With regard to anticoagulation control, 466 INR determinations were performed before the implementation of the self-monitoring and self-management program and 1170 determinations during the self-monitoring and self-management period. There was a trend toward an increase of time in therapeutic range from 53.6 ± 21.3% to 57.1 ± 15.7% (p = 0.30) between both periods. However, total INR determinations in therapeutic range significantly increased after the implementation of the program (94.8 vs 97.5%; p = 0.01) and the proportion of patients with INR >5 significantly decreased (3.9 vs 2.0%; p = 0.04; Table 2).
| Before self-monitoring and self-management program (n = 44) | Self-monitoring and self-management program (n = 44) | p-value | |
|---|---|---|---|
| Total INR determinations | 466 | 1,170 | – |
| INR in therapeutic range, n (%) | 442 (94.8) | 1,141 (97.5) | 0.01 |
| TTR, % (95% CI) | 53.6 ± 21.3(47.2–60.1) | 57.1 ± 15.7 (52.3–61.9) | 0.29 |
| INR <1.5, n (%) | 6 (1.3) | 6 (0.5) | 0.18 |
| INR >5, n (%) | 18 (3.9) | 23 (2.0) | 0.04 |
INR: International normalized ratio; TTR: Time in therapeutic range.
Outcomes during the follow-up were reported in Table 3. Overall, thromboembolic and bleeding complications were low during both 6-month periods. Whereas, no significant differences were observed in thromboembolic or bleeding complications between both periods, there was a trend to a decrease in the proportion of visits to the emergency department after the implementation of the self-monitoring and self-management program (29.5 vs 22.7%; p = 0.41).

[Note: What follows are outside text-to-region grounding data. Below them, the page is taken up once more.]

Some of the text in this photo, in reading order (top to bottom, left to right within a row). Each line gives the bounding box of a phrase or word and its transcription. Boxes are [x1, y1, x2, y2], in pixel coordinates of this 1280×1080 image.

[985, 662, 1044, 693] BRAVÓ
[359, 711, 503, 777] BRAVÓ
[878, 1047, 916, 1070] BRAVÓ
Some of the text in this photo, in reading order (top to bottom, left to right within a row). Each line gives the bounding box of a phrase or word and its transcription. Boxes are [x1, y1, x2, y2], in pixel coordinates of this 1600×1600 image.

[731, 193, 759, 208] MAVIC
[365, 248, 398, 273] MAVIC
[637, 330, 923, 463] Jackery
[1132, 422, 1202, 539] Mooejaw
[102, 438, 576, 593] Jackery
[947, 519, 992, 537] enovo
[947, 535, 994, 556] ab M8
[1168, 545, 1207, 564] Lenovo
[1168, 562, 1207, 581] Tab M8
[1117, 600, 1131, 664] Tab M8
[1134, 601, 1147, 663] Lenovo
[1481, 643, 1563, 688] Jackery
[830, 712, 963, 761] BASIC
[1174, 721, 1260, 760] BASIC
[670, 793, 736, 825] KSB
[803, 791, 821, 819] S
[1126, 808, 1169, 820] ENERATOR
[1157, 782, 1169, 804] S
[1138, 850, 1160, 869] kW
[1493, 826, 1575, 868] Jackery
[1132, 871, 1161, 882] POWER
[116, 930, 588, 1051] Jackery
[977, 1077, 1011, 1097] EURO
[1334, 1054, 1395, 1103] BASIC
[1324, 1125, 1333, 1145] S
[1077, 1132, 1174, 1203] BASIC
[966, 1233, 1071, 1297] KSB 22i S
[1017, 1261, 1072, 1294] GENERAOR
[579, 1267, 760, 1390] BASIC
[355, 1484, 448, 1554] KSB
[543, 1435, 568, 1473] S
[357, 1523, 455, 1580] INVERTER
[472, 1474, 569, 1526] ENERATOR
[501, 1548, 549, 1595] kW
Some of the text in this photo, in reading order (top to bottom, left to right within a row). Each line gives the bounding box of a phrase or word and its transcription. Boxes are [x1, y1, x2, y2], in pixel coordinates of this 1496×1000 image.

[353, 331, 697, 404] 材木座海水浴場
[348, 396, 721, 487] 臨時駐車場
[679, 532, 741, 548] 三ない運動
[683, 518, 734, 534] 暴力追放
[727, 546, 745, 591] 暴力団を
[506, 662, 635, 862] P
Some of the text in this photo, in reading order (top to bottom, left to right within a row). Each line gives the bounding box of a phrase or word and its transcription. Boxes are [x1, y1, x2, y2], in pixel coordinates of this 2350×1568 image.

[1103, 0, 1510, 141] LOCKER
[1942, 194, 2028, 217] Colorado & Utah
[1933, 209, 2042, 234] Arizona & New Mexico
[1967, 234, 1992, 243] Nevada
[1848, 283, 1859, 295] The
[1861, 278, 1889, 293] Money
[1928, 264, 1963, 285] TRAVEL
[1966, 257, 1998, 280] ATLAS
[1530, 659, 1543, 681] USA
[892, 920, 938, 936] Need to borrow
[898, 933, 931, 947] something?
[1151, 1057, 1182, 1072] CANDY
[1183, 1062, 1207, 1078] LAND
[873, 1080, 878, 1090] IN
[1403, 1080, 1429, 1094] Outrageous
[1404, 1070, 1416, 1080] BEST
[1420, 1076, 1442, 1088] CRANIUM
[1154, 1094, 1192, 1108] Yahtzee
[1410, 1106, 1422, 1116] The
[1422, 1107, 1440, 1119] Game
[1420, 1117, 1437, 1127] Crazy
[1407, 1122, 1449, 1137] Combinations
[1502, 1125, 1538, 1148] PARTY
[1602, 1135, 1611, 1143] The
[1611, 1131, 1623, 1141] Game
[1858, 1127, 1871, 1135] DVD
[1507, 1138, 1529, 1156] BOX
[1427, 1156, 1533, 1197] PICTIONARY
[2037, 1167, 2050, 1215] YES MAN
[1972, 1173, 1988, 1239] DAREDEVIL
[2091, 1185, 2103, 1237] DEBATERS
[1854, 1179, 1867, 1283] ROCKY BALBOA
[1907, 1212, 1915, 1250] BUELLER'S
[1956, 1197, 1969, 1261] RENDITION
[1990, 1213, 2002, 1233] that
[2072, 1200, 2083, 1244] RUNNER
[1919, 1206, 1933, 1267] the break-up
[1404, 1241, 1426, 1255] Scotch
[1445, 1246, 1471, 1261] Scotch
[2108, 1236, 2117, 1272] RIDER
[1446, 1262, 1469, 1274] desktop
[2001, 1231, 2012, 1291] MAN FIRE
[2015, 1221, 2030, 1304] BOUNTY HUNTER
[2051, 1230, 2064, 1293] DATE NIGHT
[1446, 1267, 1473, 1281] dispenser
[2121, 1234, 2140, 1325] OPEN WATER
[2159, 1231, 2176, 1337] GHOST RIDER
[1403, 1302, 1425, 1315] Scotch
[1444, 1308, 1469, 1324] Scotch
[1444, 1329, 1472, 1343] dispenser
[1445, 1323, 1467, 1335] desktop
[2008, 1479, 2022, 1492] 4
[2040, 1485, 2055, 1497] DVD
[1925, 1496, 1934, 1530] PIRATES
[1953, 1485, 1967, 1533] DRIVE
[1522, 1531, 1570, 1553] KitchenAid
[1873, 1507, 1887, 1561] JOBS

| Before self-monitoring and self-management program (n = 44) | Self-monitoring and self-management program (n = 44) | p-value | |
|---|---|---|---|
| Bleeding, n (%) | 1 (2.3) | 1 (2.3) | 1 |
| Stroke, n (%) | 1 (2.3) | 0 | 0.32 |
| Embolism, n (%) | 0 | 0 | 1 |
| Hospitalization, n (%) | 2 (4.5) | 3 (6.8) | 0.66 |
| Emergency department, n (%) | 13 (29.5) | 10 (22.7) | 0.41 |
Discussion
This study showed that developing an oral anticoagulation self-monitoring and self-management program in a second level hospital is feasible and may improve anticoagulation control with low rates of thromboembolic and bleeding complications among patients with mechanical heart valve prosthesis.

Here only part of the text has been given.